En 2010 toutefois, les chanteurs du groupe se séparent et fondent deux groupes distincts.
HK fonde HK et les Saltimbanks, notamment connu pour son titre On lâche rien, devenu hymne de manif’ et choisi comme hymne de campagne par Jean-Luc Mélenchon en 2012.
De son côté, Dias formera Zone d’Expression Populaire (ZEP) qui fût pris dans une intense polémique avec leur chanson provocante Nique la France (2010) qui reprend d’ailleurs les thèmes d’ Elle est belle la France mais avec un ton beaucoup plus offensif, et qui initia un débat sur la liberté d’expression. Les chanteurs furent traînés en justice pour racisme anti-français avant d’être relaxés et plusieurs de leurs concerts furent annulés et interdits. La cancel culture d’extrême droite, déjà.
La polémique a même perduré dans le temps, puisqu’en 2017 les journalistes de RMC sommèrent Danièle Obono, une des rares députés noires de l’Assemblée, de crier “Vive la France” sur leur plateau pour montrer qu’elle était une bonne Française, ce qu’évidemment elle refusa de faire. Les “journalistes” s’appuyaient justement sur la pétition en défense de la liberté d’expression qu’elle avait signée à l’époque aux côtés de Noël Mamère, Clémentine Autain, Eva Joly, Olivier Besancenot et beaucoup d’autres.
L’injonction à se faire tout petit face au racisme
MAP parle de l’expérience d’une personne arabe en France à qui, sous les coups de l’injonction à l’intégration, on indique de se faire le plus discret possible. C’est ainsi que commence le premier couplet :
L’histoire rendue invisible du colonialisme français
Malgré la décolonisation, le passé colonial de la France continue d’habiter notre présent.
Le racisme, idéologie qui a servi à légitimer l’esclavage et le colonialisme, et qui se manifeste en pratique notamment par la division raciste du travail, des lois islamophobes et une gestion répressive spécifique des quartiers populaires par la police, est extrêmement prégnant en France.
Ensuite, la France dispose toujours de colonies et la brutalité dictatoriale particulière avec laquelle elle traite les populations non-blanches des “territoires d’Outre-Mer”, comme on l’a vu récemment en Nouvelle-Calédonie, en Martinique et en Guadeloupe, achève de nous le rappeler.
Quand il ne s’agit pas de colonies directes de la France, cela ne signifie pas toujours que les nations anciennement soumises à l’impérialisme français ont retrouvé leur pleine souveraineté. Par tout un ensemble de mécanismes – guerres, corruption, monopoles, dette, franc CFA…- la France maintient une emprise très forte sur certains pays, en particulier en Afrique : c’est ce qu’on appelle le néocolonialisme.

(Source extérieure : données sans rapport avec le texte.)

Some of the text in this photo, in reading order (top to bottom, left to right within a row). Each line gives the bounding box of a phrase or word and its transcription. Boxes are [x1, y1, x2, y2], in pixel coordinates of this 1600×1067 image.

Enfin, les pays colons se reconnaissent entre eux et ce n’est pas un hasard si la France soutient avec ferveur les entreprises coloniales contemporaines comme on le voit avec le soutien du gouvernement à Israël mais aussi aux prétentions du Maroc sur le Sahara occidental.

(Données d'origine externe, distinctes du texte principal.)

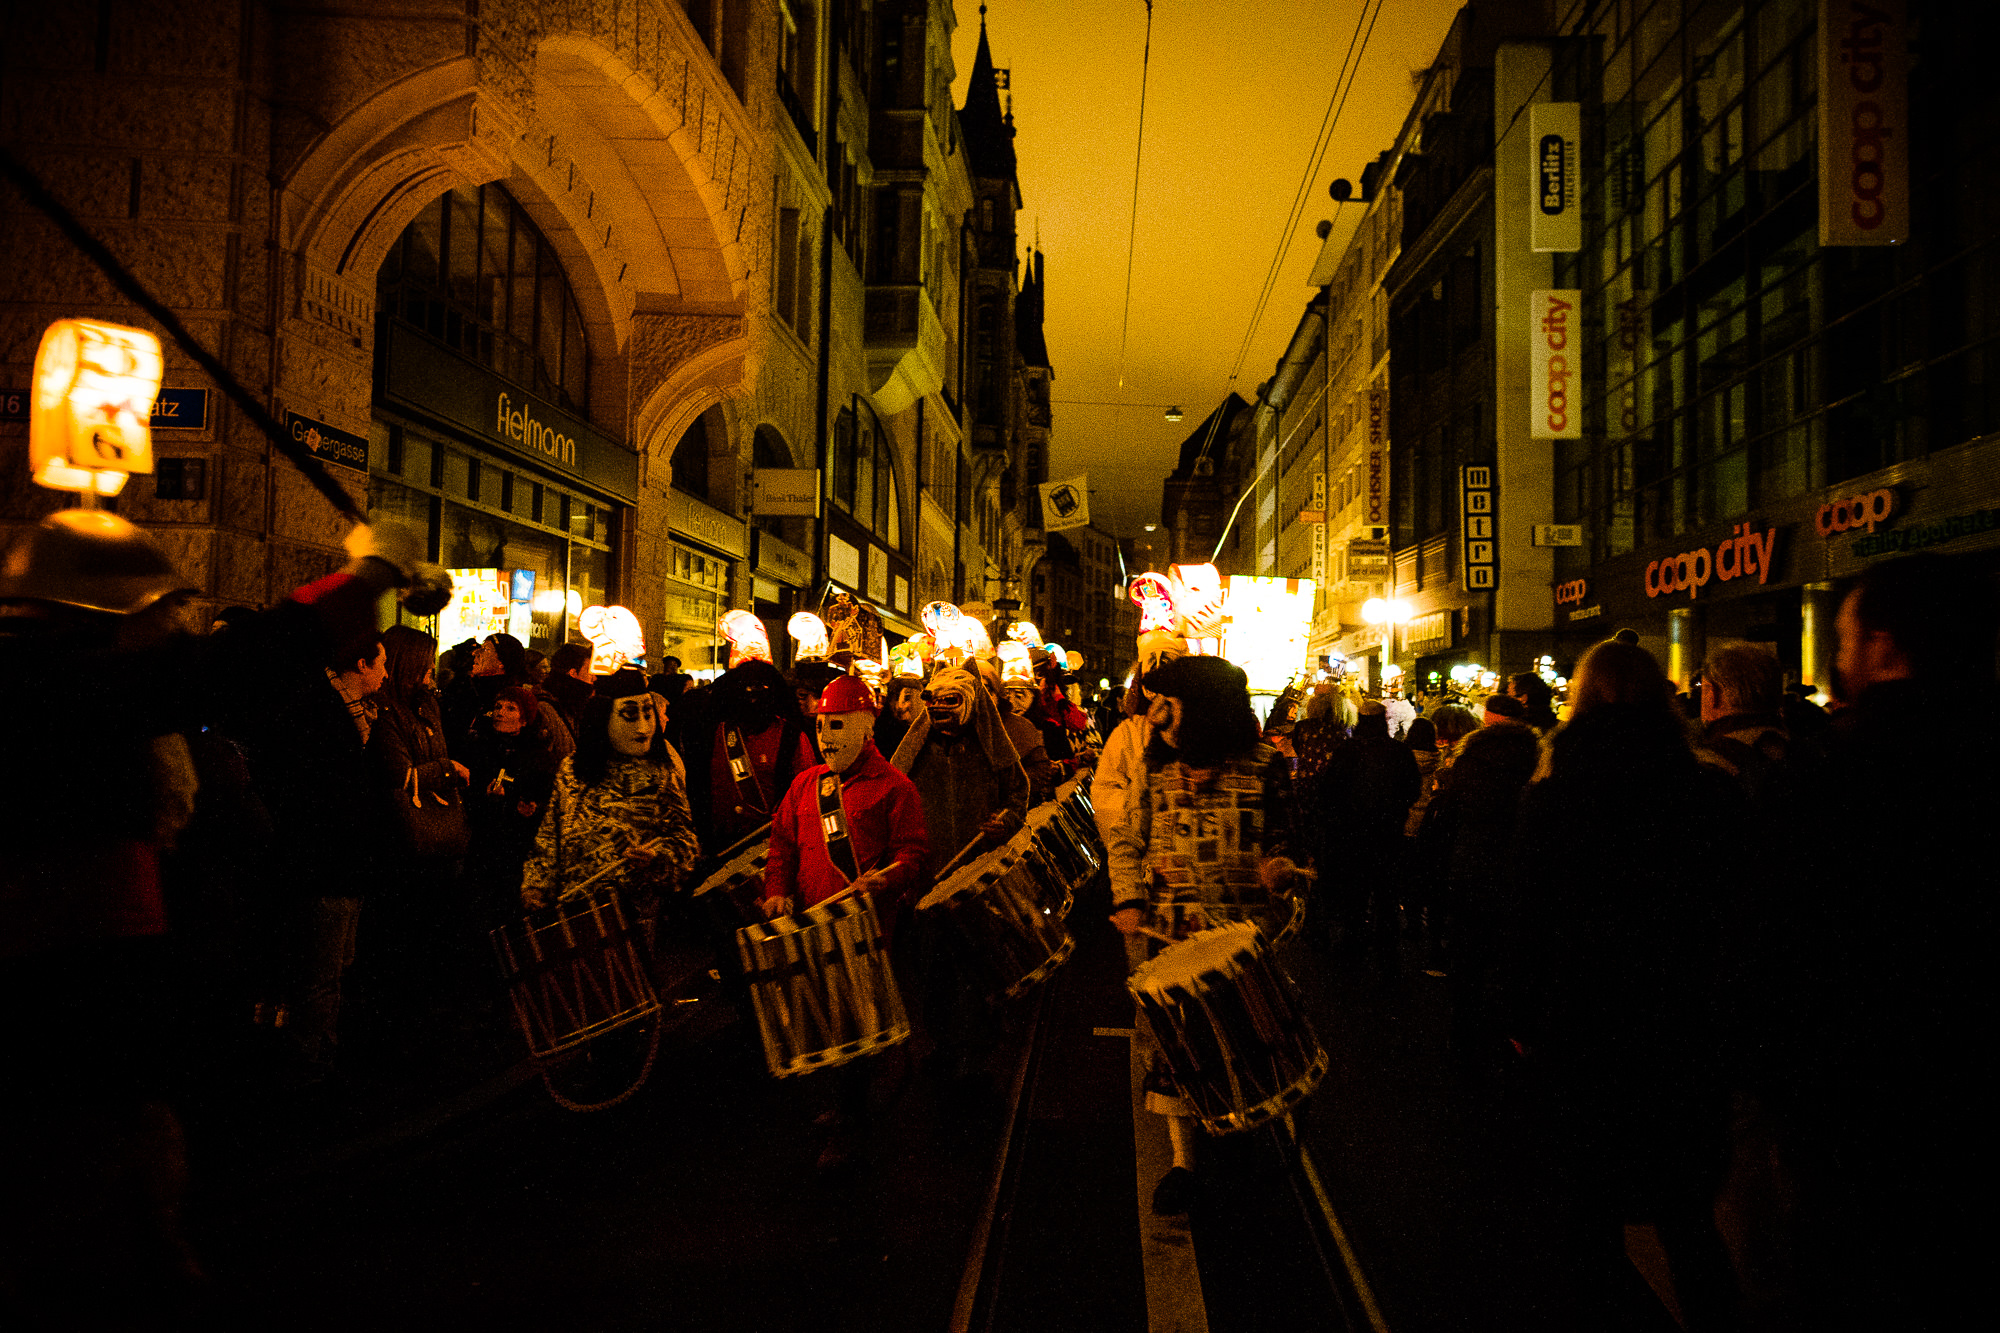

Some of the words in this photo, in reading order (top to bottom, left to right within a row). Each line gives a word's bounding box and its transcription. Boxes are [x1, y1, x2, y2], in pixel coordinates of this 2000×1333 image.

[1840, 0, 1893, 94] city
[1542, 141, 1561, 208] Berlitz
[1852, 101, 1893, 230] coop
[1541, 296, 1572, 350] city
[150, 397, 181, 417] atz
[1368, 393, 1382, 445] SHOES
[1547, 353, 1570, 431] coop
[291, 420, 366, 463] Gebergasse
[496, 391, 576, 468] fielmann
[1316, 475, 1325, 509] KINO
[1368, 450, 1382, 522] OCHSNER
[1815, 488, 1894, 538] coop
[1315, 525, 1324, 587] CENTRAL
[1644, 546, 1713, 600] coop
[1716, 521, 1777, 585] city
[1556, 578, 1587, 606] coop

Pour toutes ces raisons, connaître l’histoire coloniale de la France est l’une des clés fondamentales pour comprendre la structure du capitalisme français, les enjeux sous-jacents du racisme en France ainsi que les relations internationales.
Pourtant cette histoire est peu connue : presque inexistante dans la fiction (séries ou cinéma), elle est aussi peu et mal enseignée aux écoliers et limitée à quelques rares “excuses” ou “hommages” dans le débat public politique.
Sur tous ces points qui le touchent intimement, MAP annonce la couleur dès l’intro de la chanson :
Sachez que je n’excuse ni votre ignorance, ni l’histoire colonialiste de notre douce France.
Puis développe dans le premier couplet :
Comme personne n’a jugé bon de garder ça en mémoire
alors j’ai pas vu mon grand père dans les livres d’histoire
J’ai pas vu en Indochine les viols et les pillages,
dans les DOM-TOM les massacres et l’ esclavage…
Évaporées les douleurs et les souffrances,
les tortures en Algérie tout le monde s’en balance
Les tirailleurs sénégalais, tout le monde s’en balance.
Et qui est-ce qui morflent ? C’est leur descendance !
J’accuse l’école de cultiver l’ignorance dans la censure,
la haine dans la dissimulation de son passé, de ses blessures
Dans ce couplet, MAP évoque un certain nombre des crimes coloniaux français.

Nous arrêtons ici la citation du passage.